Sikh teenager wins right to wear religious bangle to school

Full marks to British tolerance

A Sikh teenager has won the right to wear a religious bangle to school. It's a victory for open-mindedness and common sense

The Sikh schoolgirl Sarika Watkins-Singh's victory at the high court to wear her "kara", the steel bangle worn by Sikhs, is a reflection of British tolerance and a common-sense approach to different cultural communities when compared to the more fundamentalist approach of countries such as France. Twenty-first century France still cannot come to grips with a turban-wearing schoolchild. But it is sad that Sarika had to go to the court at all. As her solicitor said, each generation seems to have to go through the same struggles.

All the articles and practices of Sikhs signify the various concepts of Sikh philosophy. The articles were enjoined to the Sikhs by the gurus, particularly the 10th and last of the gurus some 300 years ago. The Sikhs have dutifully maintained them.

No simple explanations were offered at the time when these articles were first bestowed. The Sikhs were told they would begin to understand the manifestations of the complexities of Sikh philosophy in everyday life by maintaining them.

A common reason given for the kara is that it reminds a Sikh of commitments to ethical values such as the need to respect the dignity of others, not to commit bad acts, uphold human rights and so on.
The kara is usually worn on the arm most used by the individual, ie the left wrist for lefthanded people.

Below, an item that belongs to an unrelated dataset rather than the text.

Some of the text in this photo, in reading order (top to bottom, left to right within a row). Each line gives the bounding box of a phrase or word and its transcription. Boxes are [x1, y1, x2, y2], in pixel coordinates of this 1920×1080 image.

Another explanation has been that the kara, made of traditional steel, was a clever way of ensuring iron absorption through the skin. Iron deficiency anaemia was common due to poor diets. No empirical evidence exists to verify its value in maintaining iron concentrations in the body.

An important aspect of the kara is that it signifies and makes one understand the cyclical and complex approach of the Sikh worldview. Sikh philosophy like some other Indic systems, take a fundamentally different position to the linearity of time and space of Abrahamic creeds. There is no beginning and end of existence.

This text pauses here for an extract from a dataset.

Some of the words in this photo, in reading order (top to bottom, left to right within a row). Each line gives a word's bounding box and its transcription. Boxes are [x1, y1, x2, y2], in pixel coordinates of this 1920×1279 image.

According to Sikh worldview everything that takes form comes to an end but reforms in other ways. Thus even universes come and go, galaxies coexist in different time spans, time is cyclical and even space loses dimensions to collapse into "nothing". And new universes begin, new worlds begin as new time spans and space dimensions start. Holding this complex view and understanding its significance to our everyday approach to life is extremely difficult.

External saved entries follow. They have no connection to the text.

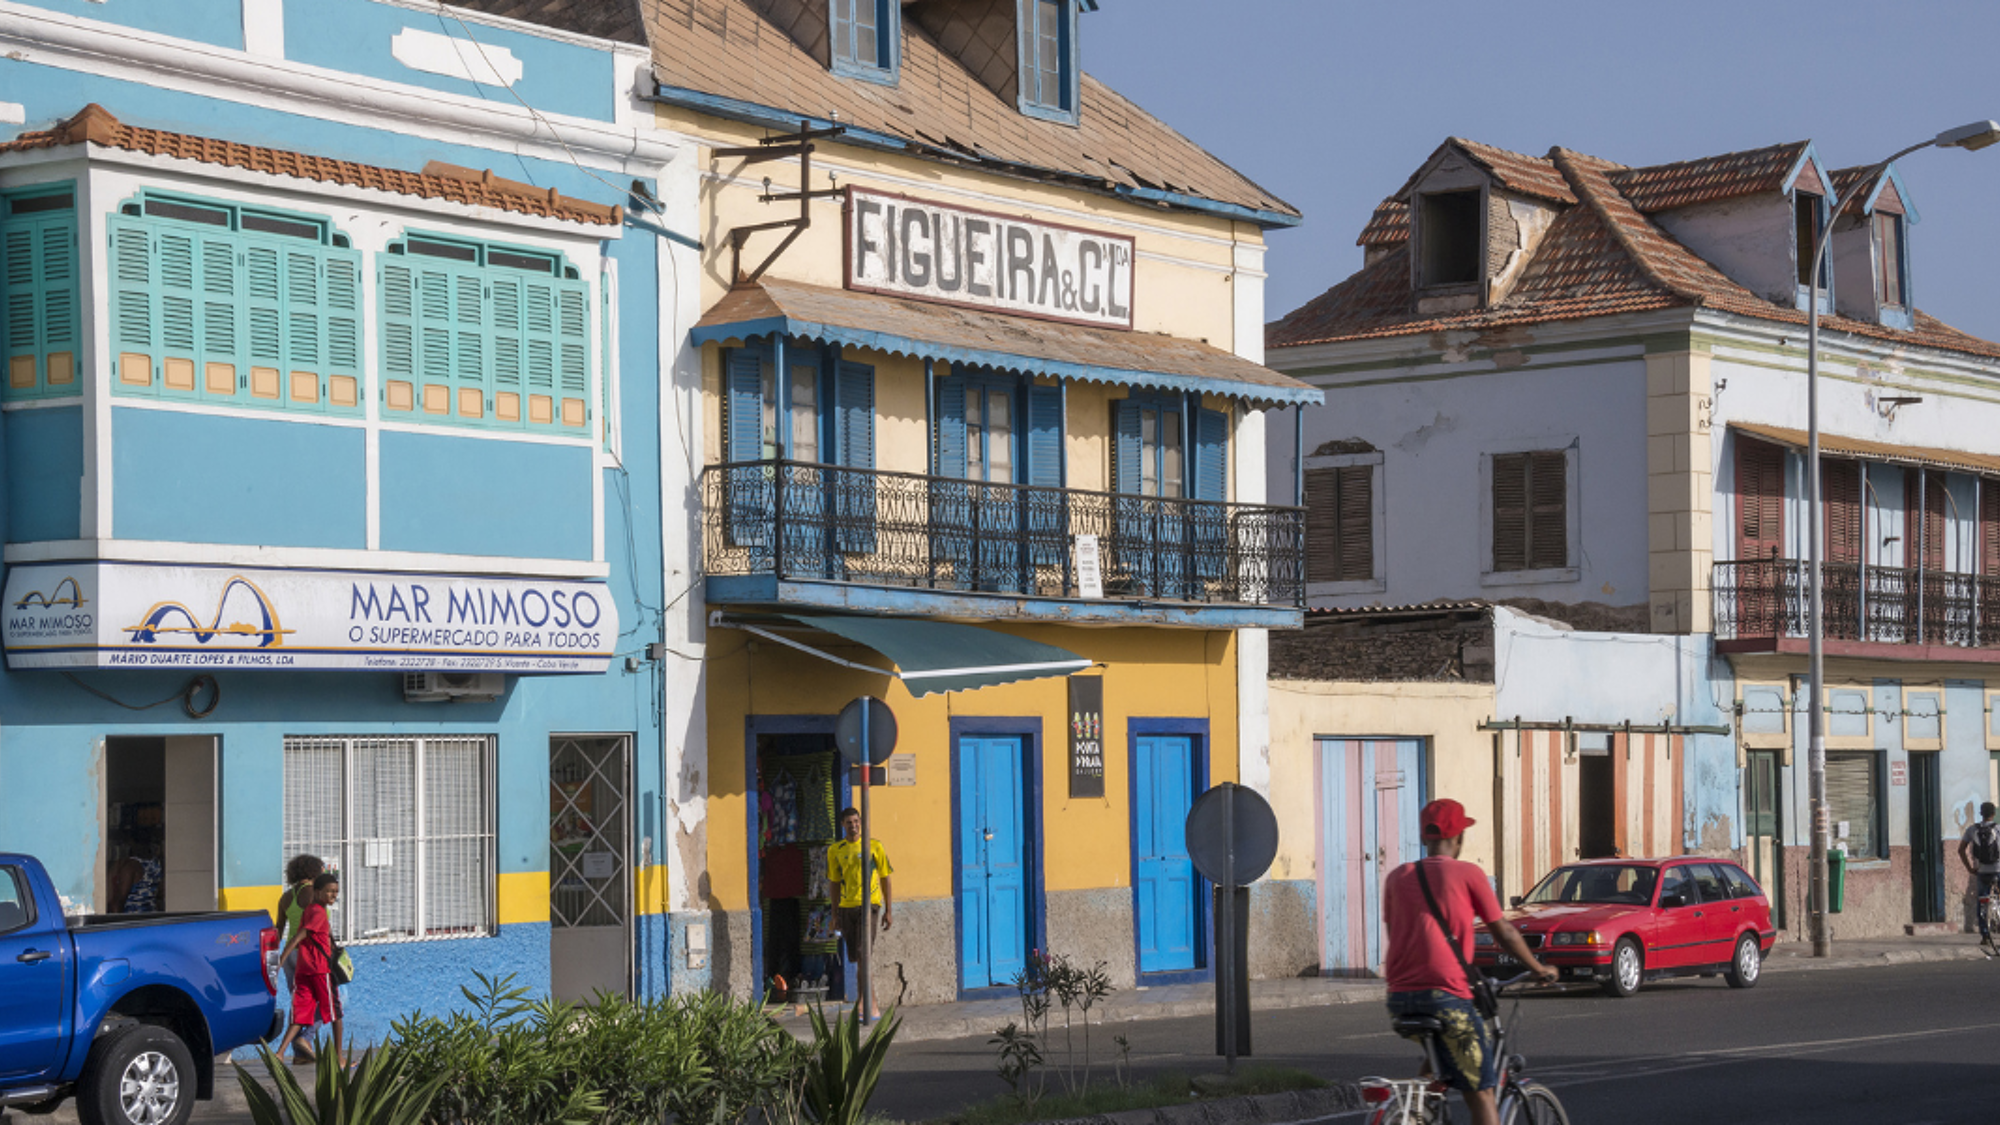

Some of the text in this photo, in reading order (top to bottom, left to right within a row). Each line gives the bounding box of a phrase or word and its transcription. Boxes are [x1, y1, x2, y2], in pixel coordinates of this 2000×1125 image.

[857, 199, 1060, 306] FIGUEIRA
[1061, 269, 1079, 311] &
[350, 582, 601, 629] MAR MIMOSO
[10, 614, 93, 630] MAR MIMOSO
[349, 625, 601, 648] O SUPERMERCADO PARA TODOS
[150, 654, 192, 664] DUARTE
[194, 654, 224, 664] LOPES
[227, 655, 234, 664] &

The kara helps us to understand that our life and even the lifespan of nations, ideas, communities, the earth and so on is transitory.
A Sikh should remain engaged but not fanatically absorbed at the exclusion of contemplating the wider eternal drama. The two are intertwined. But the trick is to remain fully engaged in life, and yet work one's self out of the cycles towards the eternal reality which is neither born nor destroyed, not seen nor felt, has no form and is not limited by space or time. The kara, a simple bracelet to many, a source of iron to some, a way of stopping bad deeds and shaping good citizens to others also signifies a very different and complex philosophical approach to everyday life. It is rooted in temporality yet attached to a deeper truth.

The judgment will reiterate the different and pragmatic nature of British law compared to the continental system. Sikhs and hopefully other communities will be able to maintain their cultural, ethnic and religious articles where they do not affect security or hygiene or public order, without sanction from the secular fanatics.
Full marks to British tolerance and a sensible judge.